= Andy Brassell =

English writer and broadcaster

Andy Brassell is an English writer and broadcaster.

Brassell specialises in European football, and works as a pundit across many forms of media, such as Talksport, the BBC, BT Sport and ESPN, as well as newspapers such as The Guardian, The Independent, The Daily Mirror and the Daily Star. He has also written for magazines such as The Blizzard, FourFourTwo. He has contributed to the website for Premier League club Tottenham Hotspur, and Arsenal fan TV.

On the BBC, Brassell regularly contributes to BBC Radio 5 Live's Monday Night Club, and the European football show. He was previously a regular on Up All Night's World Football Phone-In .

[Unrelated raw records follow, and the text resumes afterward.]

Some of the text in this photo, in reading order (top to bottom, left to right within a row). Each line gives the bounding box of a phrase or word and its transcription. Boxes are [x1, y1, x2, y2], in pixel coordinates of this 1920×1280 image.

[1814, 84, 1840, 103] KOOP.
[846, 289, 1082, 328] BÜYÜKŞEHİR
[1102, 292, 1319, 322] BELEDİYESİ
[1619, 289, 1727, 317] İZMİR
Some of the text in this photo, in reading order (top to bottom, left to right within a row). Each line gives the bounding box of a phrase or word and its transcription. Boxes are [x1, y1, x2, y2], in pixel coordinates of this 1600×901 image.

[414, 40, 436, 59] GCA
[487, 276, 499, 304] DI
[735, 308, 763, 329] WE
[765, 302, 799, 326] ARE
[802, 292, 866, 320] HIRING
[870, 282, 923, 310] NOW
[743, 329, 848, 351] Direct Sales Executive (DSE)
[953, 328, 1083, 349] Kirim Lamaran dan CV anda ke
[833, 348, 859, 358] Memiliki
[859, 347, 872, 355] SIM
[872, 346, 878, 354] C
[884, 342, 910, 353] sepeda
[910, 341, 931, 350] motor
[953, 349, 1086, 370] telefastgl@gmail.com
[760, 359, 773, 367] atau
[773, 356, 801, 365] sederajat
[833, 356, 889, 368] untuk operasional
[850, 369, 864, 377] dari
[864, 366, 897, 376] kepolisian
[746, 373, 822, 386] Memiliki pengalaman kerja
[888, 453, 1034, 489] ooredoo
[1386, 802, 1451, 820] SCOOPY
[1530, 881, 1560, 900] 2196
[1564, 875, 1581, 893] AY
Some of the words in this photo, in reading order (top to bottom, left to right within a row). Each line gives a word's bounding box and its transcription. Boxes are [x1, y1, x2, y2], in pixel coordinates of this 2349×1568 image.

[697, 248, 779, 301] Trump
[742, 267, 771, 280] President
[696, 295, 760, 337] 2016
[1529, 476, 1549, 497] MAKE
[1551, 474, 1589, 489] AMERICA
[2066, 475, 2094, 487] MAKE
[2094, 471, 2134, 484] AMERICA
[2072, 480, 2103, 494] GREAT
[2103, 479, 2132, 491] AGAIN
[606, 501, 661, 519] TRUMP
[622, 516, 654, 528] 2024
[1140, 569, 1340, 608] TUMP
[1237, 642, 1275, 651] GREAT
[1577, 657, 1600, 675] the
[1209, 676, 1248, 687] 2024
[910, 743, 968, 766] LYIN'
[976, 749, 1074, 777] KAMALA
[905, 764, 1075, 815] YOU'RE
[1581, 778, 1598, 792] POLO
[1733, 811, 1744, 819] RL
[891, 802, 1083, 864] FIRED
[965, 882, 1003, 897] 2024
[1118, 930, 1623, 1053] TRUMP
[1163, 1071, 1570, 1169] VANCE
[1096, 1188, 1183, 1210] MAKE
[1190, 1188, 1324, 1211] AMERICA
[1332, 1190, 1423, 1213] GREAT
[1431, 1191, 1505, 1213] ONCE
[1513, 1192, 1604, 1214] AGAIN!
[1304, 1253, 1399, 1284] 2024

On talkSPORT, he regularly features alongside Danny Kelly on Trans Europe Express, a show on every Sunday night from 9.00 pm which looks back at the weekend's European football action.

For The Football Ramble, Brassell contributes weekly to their On the Continent podcast, as well as regular Football Ramble Daily episodes.

As well as appearing on Football Weekly podcast, after the post-James Richardson split, he has also appeared on Richardson's subsequent venture The Totally Football Show.

==Personal life==
Brassell is a fan of AFC Wimbledon. When asked by FourFourTwo, Brassell chose as his favourite football book Phil Ball's Morbo, a book about rivalry and the historical and societal contexts of Spanish football.